Extracted data entries:
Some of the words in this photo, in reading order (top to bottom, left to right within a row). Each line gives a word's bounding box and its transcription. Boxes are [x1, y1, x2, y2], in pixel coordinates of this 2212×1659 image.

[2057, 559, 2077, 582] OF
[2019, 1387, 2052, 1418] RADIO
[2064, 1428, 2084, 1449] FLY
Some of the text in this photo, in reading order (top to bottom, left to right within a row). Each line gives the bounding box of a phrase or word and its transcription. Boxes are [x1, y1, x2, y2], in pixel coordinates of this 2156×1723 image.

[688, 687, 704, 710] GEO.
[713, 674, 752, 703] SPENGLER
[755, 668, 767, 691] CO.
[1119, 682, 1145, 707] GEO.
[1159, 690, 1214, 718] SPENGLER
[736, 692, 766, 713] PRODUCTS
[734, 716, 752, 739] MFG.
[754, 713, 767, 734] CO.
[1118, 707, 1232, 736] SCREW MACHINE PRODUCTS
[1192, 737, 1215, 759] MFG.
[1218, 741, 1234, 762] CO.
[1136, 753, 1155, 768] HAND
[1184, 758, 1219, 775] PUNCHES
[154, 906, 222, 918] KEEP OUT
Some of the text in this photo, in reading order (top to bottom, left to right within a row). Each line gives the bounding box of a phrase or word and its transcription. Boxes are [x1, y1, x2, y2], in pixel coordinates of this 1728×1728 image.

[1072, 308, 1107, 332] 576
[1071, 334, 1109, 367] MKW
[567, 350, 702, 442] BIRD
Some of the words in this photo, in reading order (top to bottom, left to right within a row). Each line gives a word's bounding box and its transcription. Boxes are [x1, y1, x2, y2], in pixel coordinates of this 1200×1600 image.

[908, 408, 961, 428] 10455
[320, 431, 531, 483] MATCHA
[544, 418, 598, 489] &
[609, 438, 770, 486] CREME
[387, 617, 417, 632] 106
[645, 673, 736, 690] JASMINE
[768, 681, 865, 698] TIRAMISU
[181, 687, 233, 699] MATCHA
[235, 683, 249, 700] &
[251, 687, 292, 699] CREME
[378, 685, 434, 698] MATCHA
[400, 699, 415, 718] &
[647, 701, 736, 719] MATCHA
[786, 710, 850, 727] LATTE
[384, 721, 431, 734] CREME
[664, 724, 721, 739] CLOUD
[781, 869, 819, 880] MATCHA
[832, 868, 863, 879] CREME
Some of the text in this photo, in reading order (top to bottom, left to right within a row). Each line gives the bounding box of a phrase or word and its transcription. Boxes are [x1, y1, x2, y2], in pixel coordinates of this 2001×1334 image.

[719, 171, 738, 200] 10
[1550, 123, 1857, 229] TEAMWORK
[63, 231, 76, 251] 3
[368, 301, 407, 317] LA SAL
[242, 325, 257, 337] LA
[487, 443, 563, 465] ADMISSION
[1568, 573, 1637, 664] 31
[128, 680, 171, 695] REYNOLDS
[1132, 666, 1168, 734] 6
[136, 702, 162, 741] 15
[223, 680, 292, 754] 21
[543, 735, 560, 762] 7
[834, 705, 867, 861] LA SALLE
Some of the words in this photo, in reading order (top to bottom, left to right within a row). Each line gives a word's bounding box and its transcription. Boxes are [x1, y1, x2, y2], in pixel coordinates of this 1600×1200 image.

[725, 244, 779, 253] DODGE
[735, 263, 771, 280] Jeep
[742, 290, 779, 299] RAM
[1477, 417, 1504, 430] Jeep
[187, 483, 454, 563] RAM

Problem :: Reproduce the data shown above in its entirety, keeping each word as it is.

Result ::
Some of the words in this photo, in reading order (top to bottom, left to right within a row). Each line gives a word's bounding box and its transcription. Boxes are [x1, y1, x2, y2], in pixel coordinates of this 2212×1659 image.

[2057, 559, 2077, 582] OF
[2019, 1387, 2052, 1418] RADIO
[2064, 1428, 2084, 1449] FLY
Some of the text in this photo, in reading order (top to bottom, left to right within a row). Each line gives the bounding box of a phrase or word and its transcription. Boxes are [x1, y1, x2, y2], in pixel coordinates of this 2156×1723 image.

[688, 687, 704, 710] GEO.
[713, 674, 752, 703] SPENGLER
[755, 668, 767, 691] CO.
[1119, 682, 1145, 707] GEO.
[1159, 690, 1214, 718] SPENGLER
[736, 692, 766, 713] PRODUCTS
[734, 716, 752, 739] MFG.
[754, 713, 767, 734] CO.
[1118, 707, 1232, 736] SCREW MACHINE PRODUCTS
[1192, 737, 1215, 759] MFG.
[1218, 741, 1234, 762] CO.
[1136, 753, 1155, 768] HAND
[1184, 758, 1219, 775] PUNCHES
[154, 906, 222, 918] KEEP OUT
Some of the text in this photo, in reading order (top to bottom, left to right within a row). Each line gives the bounding box of a phrase or word and its transcription. Boxes are [x1, y1, x2, y2], in pixel coordinates of this 1728×1728 image.

[1072, 308, 1107, 332] 576
[1071, 334, 1109, 367] MKW
[567, 350, 702, 442] BIRD
Some of the words in this photo, in reading order (top to bottom, left to right within a row). Each line gives a word's bounding box and its transcription. Boxes are [x1, y1, x2, y2], in pixel coordinates of this 1200×1600 image.

[908, 408, 961, 428] 10455
[320, 431, 531, 483] MATCHA
[544, 418, 598, 489] &
[609, 438, 770, 486] CREME
[387, 617, 417, 632] 106
[645, 673, 736, 690] JASMINE
[768, 681, 865, 698] TIRAMISU
[181, 687, 233, 699] MATCHA
[235, 683, 249, 700] &
[251, 687, 292, 699] CREME
[378, 685, 434, 698] MATCHA
[400, 699, 415, 718] &
[647, 701, 736, 719] MATCHA
[786, 710, 850, 727] LATTE
[384, 721, 431, 734] CREME
[664, 724, 721, 739] CLOUD
[781, 869, 819, 880] MATCHA
[832, 868, 863, 879] CREME
Some of the text in this photo, in reading order (top to bottom, left to right within a row). Each line gives the bounding box of a phrase or word and its transcription. Boxes are [x1, y1, x2, y2], in pixel coordinates of this 2001×1334 image.

[719, 171, 738, 200] 10
[1550, 123, 1857, 229] TEAMWORK
[63, 231, 76, 251] 3
[368, 301, 407, 317] LA SAL
[242, 325, 257, 337] LA
[487, 443, 563, 465] ADMISSION
[1568, 573, 1637, 664] 31
[128, 680, 171, 695] REYNOLDS
[1132, 666, 1168, 734] 6
[136, 702, 162, 741] 15
[223, 680, 292, 754] 21
[543, 735, 560, 762] 7
[834, 705, 867, 861] LA SALLE
Some of the words in this photo, in reading order (top to bottom, left to right within a row). Each line gives a word's bounding box and its transcription. Boxes are [x1, y1, x2, y2], in pixel coordinates of this 1600×1200 image.

[725, 244, 779, 253] DODGE
[735, 263, 771, 280] Jeep
[742, 290, 779, 299] RAM
[1477, 417, 1504, 430] Jeep
[187, 483, 454, 563] RAM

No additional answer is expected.